Morning Shoulders: (30 sec rest b/w all sets)

one hour spin class

db shoulder press:  80 x 15, 15, 15, 12

one arm cable side lat raise:   30 x 10/12, 10/10, 7/9

reverse pec deck:  60 x 12, 12, 12

db shrugs:  150 x 15, 15, 15, 15

notes:  The cable raises were tough! My left shoulder was tired as heck.  Some dude was on the cables fit for reverse flyes, so I hopped in the pec deck backwards and used that.

I went to go shrug dumbbells, and some guy was using the 70s I wanted to use.  So I grabbed the 75s and used those.  He looked at me, walked away for a bit, then came back and shrugged with the 80s.  That’s all well and good, but by the time he was starting his Set 2, I was already done Set 4.  I roll my eyes at the one-up-manship.  Just do the work – get in, do it, get out.

Work today was a special day!  I convinced a coworker to try out a different gym with me!  It was a gym in another one of our office buildings, a building I go to rarely, with a gym I have never visited.  My coworker had not been to the gym in 3 months, and had not eaten all morning, so I could tell he was going to be a wuss today, haha.  He wanted to do chest.  I was gearing up to do legs.  So we shook hands and went our separate ways within this gym.  It was a small gym, cardio machines overlooking the busy street with tinted one way glass.  A scattering of machines.  Dumbbell rack, a bench, smith machine, some cables.  It was small, but I can’t deny they packed a decent selection in there.  I had been thinking of squats, but they had no squat rack.  I could have squatted in the Smith machine, but I think someone was doing incline bench there.  So 45 degree leg press for me instead.

Noontime Legs:  (30 sec rest b/w all sets)

45 degree leg press:  360 + sled x 15, 15, 15, 15

leg extension machine:  195 x 12, 12, 12, 9

stiff leg deadlift:  135 x 12, 12, 7

prone leg curl:  75 x 15, 15; 90 x 15; 105 x 15

standing bodyweight calf raises:  90, 90, 90, 90

notes:  I got 18 sets done in an hour!  Sweet!  For the SLDL, I grab the barbell off the bench press and found an empty spot and did it there.  My last set was messed up by my coworker, who got bored and wanted to chat in the middle of a set, so whatever, haha.  I will get to redo the SLDLs soon enough.  Prone leg curls were easy on this machine, so I played around with the weight so I could hit the right tension.
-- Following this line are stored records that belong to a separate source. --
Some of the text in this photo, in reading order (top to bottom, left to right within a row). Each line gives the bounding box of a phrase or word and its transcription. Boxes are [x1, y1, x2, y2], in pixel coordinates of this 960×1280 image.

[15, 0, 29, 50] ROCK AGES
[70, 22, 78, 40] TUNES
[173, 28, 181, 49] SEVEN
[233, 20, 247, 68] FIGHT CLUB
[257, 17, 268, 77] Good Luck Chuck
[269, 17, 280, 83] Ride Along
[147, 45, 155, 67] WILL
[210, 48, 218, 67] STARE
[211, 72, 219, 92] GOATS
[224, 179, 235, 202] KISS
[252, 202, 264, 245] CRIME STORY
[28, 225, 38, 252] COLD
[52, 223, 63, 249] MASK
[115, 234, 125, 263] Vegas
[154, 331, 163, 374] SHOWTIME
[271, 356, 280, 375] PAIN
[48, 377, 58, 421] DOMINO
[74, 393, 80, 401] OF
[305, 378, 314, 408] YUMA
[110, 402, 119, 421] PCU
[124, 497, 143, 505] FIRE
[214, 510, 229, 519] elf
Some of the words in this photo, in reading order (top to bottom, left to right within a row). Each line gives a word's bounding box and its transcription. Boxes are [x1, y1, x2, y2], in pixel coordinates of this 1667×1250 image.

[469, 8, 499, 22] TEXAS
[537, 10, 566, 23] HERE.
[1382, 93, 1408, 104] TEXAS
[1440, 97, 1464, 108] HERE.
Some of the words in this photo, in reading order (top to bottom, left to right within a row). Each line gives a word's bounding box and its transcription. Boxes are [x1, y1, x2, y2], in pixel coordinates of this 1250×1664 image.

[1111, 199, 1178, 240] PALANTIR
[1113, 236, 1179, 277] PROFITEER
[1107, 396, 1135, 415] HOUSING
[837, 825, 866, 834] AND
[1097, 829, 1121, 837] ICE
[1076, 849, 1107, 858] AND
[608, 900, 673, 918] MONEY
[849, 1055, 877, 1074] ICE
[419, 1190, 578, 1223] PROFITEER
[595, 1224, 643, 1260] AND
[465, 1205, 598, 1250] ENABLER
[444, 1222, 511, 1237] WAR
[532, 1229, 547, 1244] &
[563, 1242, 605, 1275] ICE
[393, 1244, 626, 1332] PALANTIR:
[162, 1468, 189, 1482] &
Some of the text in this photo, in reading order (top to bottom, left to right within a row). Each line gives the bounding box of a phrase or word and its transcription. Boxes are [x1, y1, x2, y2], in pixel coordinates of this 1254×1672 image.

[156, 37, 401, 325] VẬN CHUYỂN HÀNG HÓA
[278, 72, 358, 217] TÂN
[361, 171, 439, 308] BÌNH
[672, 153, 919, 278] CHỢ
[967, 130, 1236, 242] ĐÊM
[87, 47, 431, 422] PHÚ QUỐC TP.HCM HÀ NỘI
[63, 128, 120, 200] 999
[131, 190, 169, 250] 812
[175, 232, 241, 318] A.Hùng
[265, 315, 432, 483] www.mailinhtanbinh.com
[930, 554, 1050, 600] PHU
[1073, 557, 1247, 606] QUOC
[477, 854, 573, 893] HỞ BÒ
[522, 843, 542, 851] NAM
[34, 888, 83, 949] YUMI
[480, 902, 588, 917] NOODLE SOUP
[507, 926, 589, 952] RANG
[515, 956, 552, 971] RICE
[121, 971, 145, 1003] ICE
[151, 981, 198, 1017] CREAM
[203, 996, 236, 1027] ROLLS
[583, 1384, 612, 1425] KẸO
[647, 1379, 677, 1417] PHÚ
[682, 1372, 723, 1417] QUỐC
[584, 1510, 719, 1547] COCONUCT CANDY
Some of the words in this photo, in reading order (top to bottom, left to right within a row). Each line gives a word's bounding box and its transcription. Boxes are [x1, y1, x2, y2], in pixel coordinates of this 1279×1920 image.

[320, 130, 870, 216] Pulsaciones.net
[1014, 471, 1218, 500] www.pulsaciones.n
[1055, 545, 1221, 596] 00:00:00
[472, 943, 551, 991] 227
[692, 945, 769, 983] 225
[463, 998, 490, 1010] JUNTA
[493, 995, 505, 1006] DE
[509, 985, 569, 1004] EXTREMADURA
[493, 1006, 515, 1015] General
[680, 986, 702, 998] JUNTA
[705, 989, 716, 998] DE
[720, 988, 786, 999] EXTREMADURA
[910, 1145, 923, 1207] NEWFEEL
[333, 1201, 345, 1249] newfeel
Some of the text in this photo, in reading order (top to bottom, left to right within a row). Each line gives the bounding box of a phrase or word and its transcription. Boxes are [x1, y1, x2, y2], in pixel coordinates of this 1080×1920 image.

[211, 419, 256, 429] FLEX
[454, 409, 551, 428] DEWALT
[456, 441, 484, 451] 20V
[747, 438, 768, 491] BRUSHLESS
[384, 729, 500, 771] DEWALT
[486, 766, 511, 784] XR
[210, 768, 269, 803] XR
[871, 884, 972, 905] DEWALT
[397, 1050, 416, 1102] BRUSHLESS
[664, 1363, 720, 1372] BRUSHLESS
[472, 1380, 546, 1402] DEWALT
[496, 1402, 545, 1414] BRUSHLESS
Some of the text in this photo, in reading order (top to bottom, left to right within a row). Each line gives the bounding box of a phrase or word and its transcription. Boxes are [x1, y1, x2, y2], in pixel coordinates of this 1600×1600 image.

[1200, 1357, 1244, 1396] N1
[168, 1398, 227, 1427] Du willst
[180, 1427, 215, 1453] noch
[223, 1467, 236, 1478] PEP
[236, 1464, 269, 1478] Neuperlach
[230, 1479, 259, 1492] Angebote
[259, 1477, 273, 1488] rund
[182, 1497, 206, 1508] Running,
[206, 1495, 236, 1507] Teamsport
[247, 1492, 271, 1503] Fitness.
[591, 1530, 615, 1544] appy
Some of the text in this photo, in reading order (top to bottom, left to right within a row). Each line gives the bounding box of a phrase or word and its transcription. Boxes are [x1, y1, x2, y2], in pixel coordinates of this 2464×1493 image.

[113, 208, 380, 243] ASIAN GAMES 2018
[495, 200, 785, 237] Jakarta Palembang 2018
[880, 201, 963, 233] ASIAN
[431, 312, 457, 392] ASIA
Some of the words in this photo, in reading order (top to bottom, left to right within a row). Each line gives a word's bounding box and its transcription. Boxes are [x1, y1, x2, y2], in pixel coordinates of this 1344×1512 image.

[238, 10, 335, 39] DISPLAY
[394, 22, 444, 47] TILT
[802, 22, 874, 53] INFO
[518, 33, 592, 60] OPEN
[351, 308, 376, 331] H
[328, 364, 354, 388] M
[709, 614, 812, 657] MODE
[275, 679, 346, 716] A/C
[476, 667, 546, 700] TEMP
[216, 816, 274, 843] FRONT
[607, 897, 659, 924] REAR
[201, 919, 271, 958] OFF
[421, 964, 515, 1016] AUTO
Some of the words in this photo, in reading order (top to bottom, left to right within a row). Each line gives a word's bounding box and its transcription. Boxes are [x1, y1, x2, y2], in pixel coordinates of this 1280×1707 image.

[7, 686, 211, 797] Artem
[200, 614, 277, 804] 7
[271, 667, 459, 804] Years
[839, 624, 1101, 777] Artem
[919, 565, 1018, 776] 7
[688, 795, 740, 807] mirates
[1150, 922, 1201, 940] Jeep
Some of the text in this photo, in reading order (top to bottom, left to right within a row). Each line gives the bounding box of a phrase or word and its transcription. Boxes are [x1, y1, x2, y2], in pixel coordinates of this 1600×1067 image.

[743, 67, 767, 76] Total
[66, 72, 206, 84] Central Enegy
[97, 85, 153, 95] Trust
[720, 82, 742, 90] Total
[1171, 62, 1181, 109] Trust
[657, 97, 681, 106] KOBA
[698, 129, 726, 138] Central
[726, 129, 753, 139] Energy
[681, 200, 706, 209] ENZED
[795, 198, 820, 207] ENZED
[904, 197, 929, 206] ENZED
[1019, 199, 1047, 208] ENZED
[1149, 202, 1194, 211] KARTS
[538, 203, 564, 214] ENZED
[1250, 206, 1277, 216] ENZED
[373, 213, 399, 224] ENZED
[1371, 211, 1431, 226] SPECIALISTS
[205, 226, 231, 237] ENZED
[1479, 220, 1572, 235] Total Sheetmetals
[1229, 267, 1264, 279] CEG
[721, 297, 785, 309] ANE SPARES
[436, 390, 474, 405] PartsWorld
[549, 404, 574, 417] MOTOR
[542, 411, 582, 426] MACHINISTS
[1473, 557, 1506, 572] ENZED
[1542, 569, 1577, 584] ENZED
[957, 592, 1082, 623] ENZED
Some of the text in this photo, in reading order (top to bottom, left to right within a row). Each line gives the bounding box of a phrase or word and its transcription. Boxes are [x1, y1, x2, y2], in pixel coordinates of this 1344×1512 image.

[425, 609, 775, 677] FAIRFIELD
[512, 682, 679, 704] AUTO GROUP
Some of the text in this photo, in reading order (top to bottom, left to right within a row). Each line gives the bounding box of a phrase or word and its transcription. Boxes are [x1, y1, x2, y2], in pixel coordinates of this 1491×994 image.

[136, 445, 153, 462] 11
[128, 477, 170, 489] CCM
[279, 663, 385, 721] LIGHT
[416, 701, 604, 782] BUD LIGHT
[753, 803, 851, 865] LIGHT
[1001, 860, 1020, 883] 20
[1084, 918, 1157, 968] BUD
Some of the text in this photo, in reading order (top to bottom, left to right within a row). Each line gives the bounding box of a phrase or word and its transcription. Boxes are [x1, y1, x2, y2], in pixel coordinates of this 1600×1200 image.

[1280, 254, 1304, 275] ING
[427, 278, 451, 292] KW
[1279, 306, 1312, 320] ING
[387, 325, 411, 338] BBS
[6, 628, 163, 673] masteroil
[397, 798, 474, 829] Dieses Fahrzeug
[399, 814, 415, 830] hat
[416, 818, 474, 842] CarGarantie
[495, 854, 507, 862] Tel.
As I started the workout, the tops of my hams felt kinda sore.  And by the end, my upper hams and my glutes were seizing up!  I was so sore I couldn’t walk right all afternoon.  It wasn’t just the legs workout on Sunday and Wednesday, I also had acupressure on Monday, and he cranked on my legs a bit.  So sore!!

And that was my day!  How about you?  Any good workouts?